A former TV newscaster, Lake is a talented political candidate who is out-pizzazzing her opponent, Democrat Katie Hobbs. But Hobbs is the person with the experience to lead, having done the job that Finchem wants during the 2020 election when Republicans conducted their own rogue audit in an attempt to root out virtually nonexistent election corruption.

Arizona’s midterms will test whether the GOP’s election denialism repels the independents and moderates who constitute a crucial voting bloc in purple Arizona. Whatever the outcome, it will shape Arizona’s elections for years to come.

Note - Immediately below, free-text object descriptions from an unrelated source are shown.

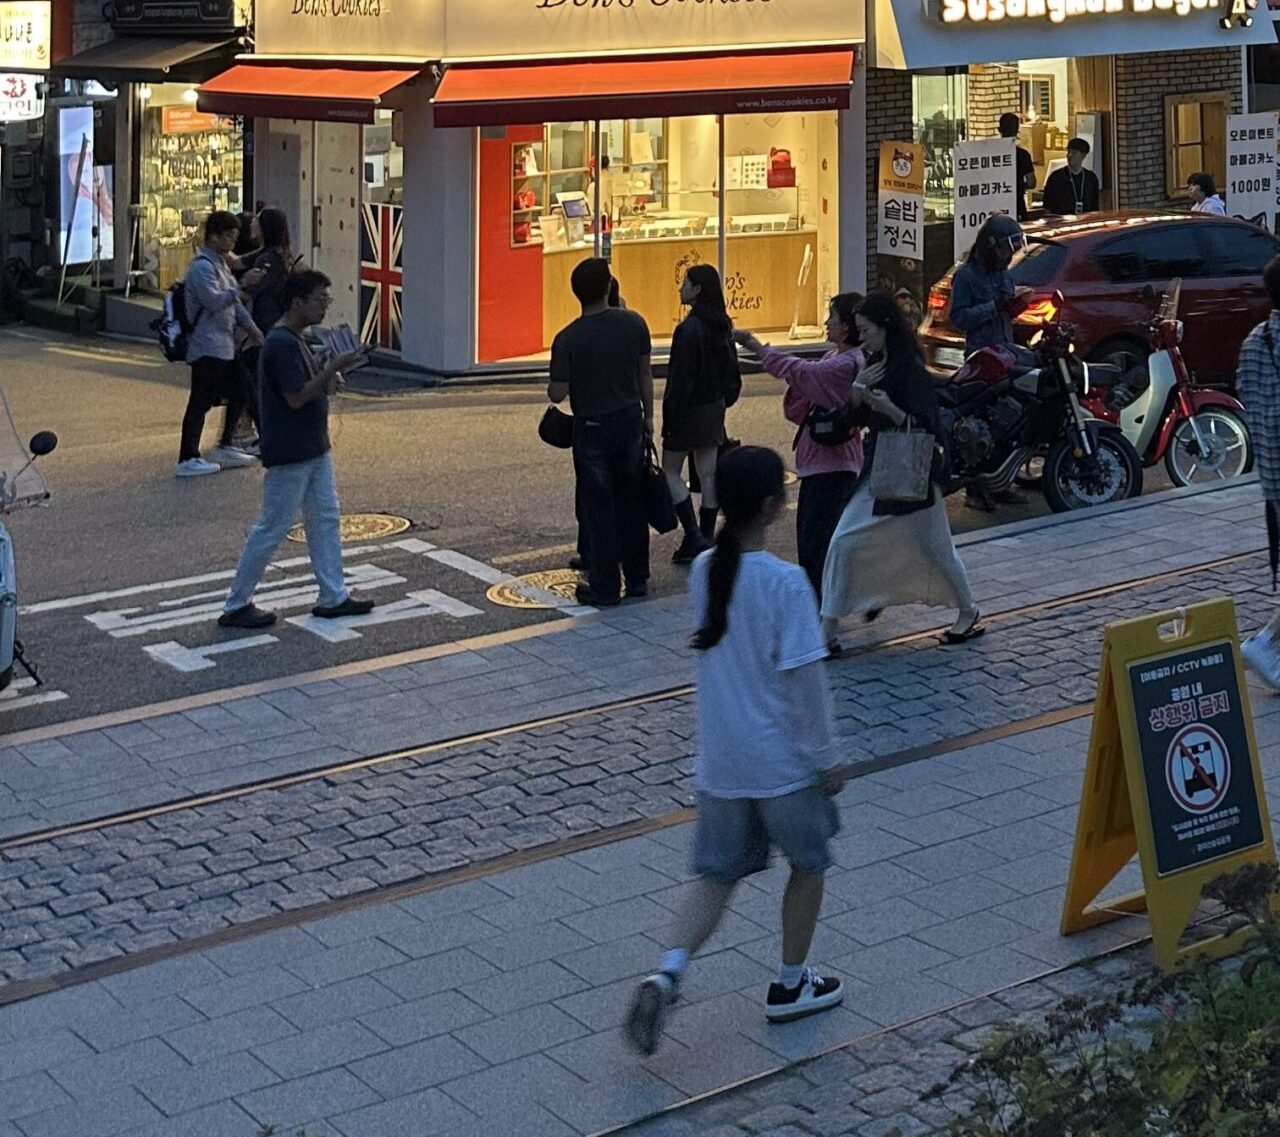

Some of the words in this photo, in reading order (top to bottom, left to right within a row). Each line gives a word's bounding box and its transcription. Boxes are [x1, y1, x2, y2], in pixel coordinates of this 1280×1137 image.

[1230, 127, 1275, 142] 오픈이벤트
[958, 154, 1013, 171] 오픈이벤트
[1230, 151, 1275, 166] 아메리카노
[958, 182, 1013, 198] 아메리카노
[1231, 177, 1271, 194] 1000원
[884, 198, 918, 223] 솥밥
[884, 225, 917, 252] 정식
[1177, 660, 1200, 673] CCTV
[1171, 685, 1191, 701] 공원
[1191, 682, 1203, 696] 내
[1149, 699, 1198, 731] 상행위
[1199, 690, 1231, 719] 금지
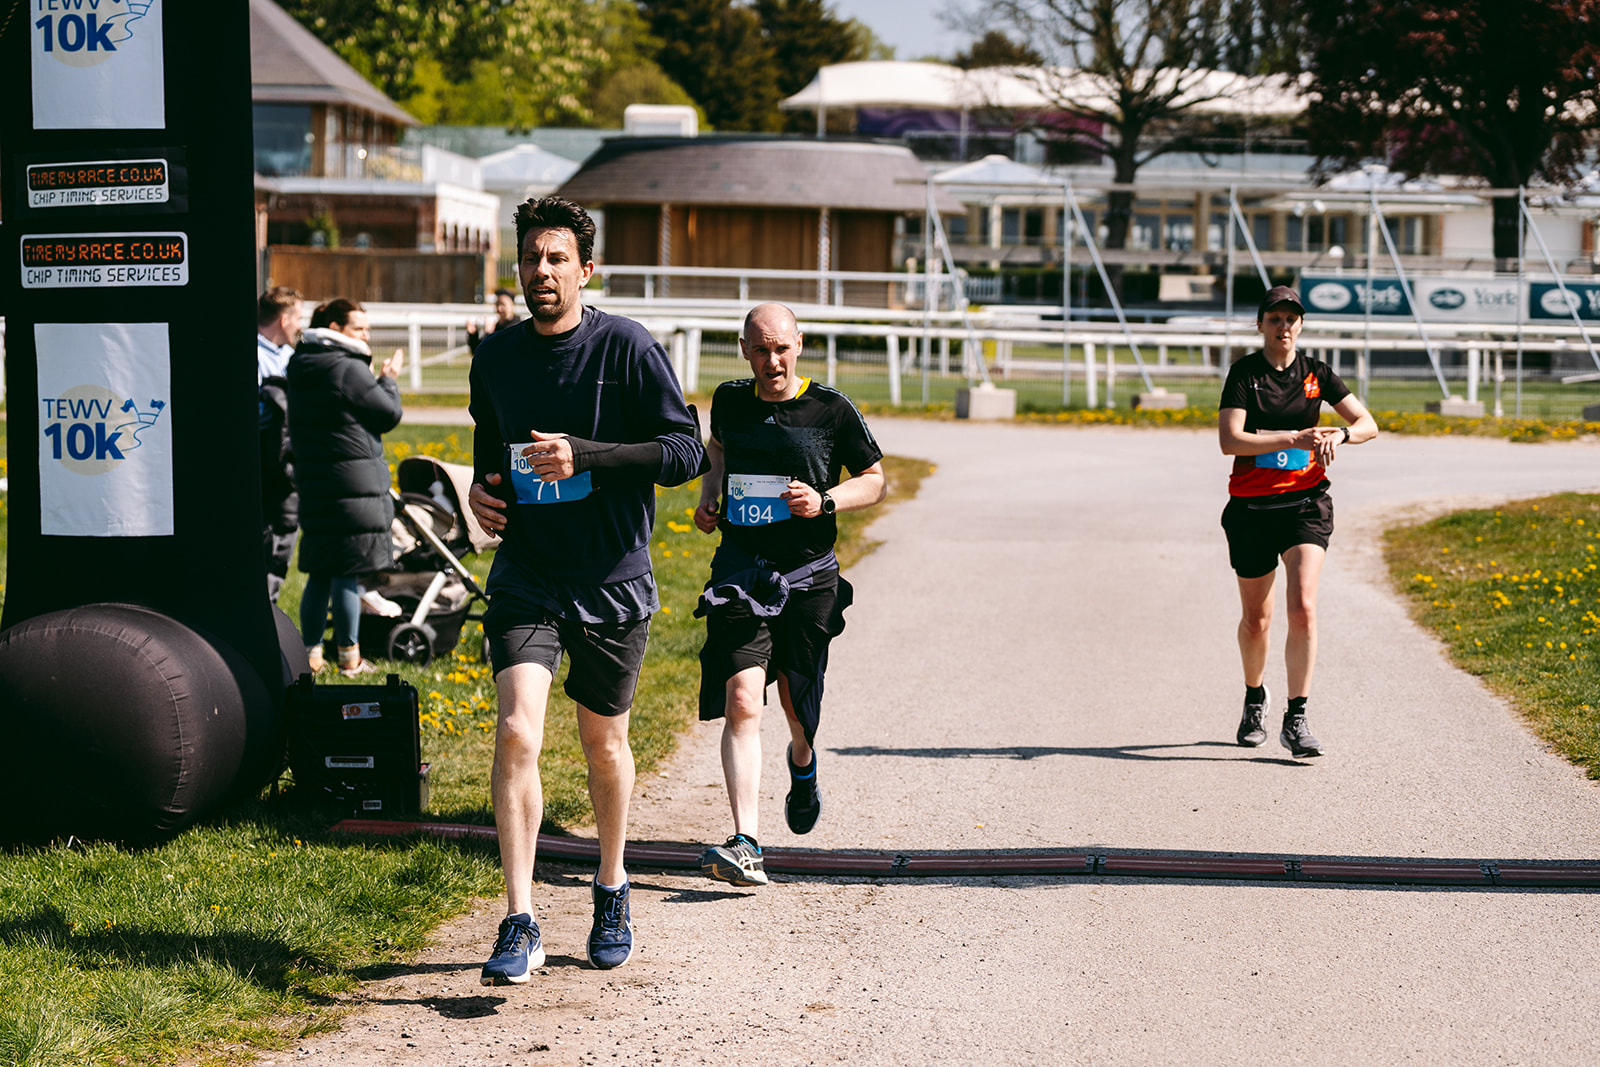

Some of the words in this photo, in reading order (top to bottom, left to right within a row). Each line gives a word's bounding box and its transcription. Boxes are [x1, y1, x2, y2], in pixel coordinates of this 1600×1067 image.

[35, 13, 118, 52] 10k
[33, 192, 56, 205] CHIP
[60, 190, 97, 204] TIMING
[101, 187, 163, 202] SERVICES
[26, 269, 52, 284] CHIP
[57, 268, 101, 284] TIMING
[107, 267, 181, 283] SERVICES
[1473, 287, 1518, 305] York
[42, 398, 113, 419] TEWV
[44, 422, 126, 461] 10k
[1277, 451, 1288, 468] 9
[533, 478, 560, 501] 71
[730, 486, 745, 497] 10k
[738, 504, 774, 524] 194
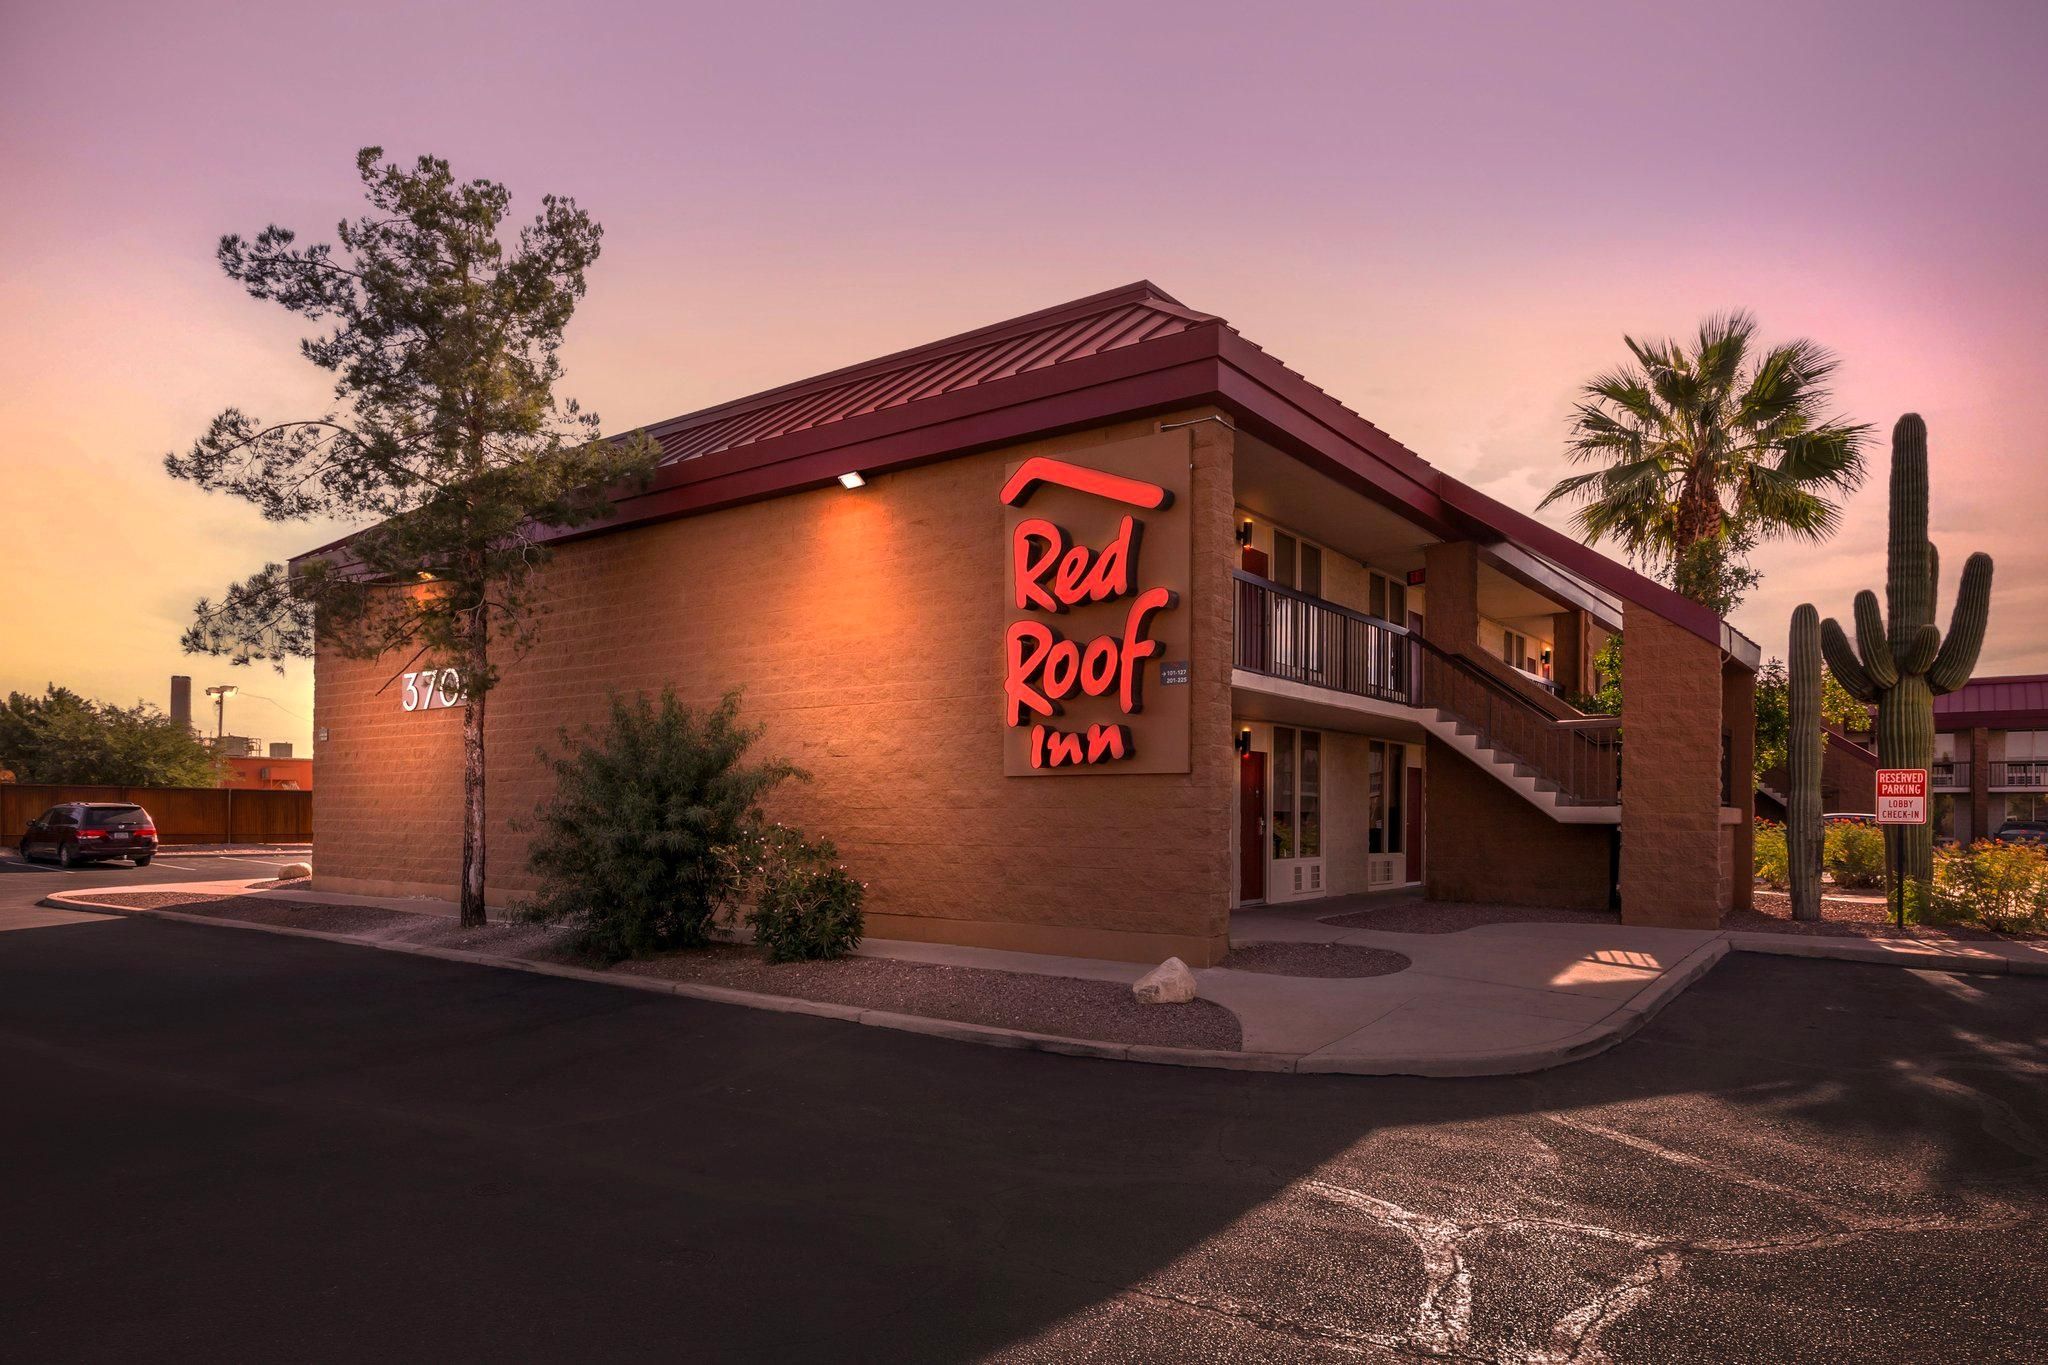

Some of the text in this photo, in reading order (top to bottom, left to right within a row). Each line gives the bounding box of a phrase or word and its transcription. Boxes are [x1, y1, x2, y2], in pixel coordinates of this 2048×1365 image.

[1013, 515, 1133, 613] Red
[1003, 587, 1169, 728] Roof
[402, 668, 468, 711] 370
[1879, 773, 1924, 783] RESERVED
[1881, 784, 1921, 794] PARKING
[1882, 810, 1920, 818] CHECK-IN

Senate Blowout? Look To New Hampshire.

A quick and easy win for Republican Don Bolduc, who is threatening to pull off a major upset against incumbent Democrat Maggie Hassan, might spell trouble for Democrats in other states.
A quick and easy win for Republican Don Bolduc, who is threatening to pull off a major upset against incumbent Democrat Maggie Hassan, might spell trouble for Democrats in other states.
Scott Eisen/Getty Images

For an early idea of where the Senate chips may fall, check out teeny, tiny New Hampshire.

The Granite State’s early results could be a bellwether for the races in Georgia, Pennsylvania and Nevada as those much bigger states tabulate votes throughout the night.

A quick and easy win for Republican Don Bolduc, who is threatening to pull off a major upset against incumbent Democrat Maggie Hassan, might spell trouble for Democrats in other states. If Democrats want to keep control of the now-evenly divided Senate, the math will be harder to come by without the Granite State.

New Hampshire will reveal whether Democrats were wise to hammer Bolduc on abortion rights — which are popular in a state that allows abortion up to 24 weeks — instead of sharpening their focus on economic issues, which propelled Republicans to Election Day.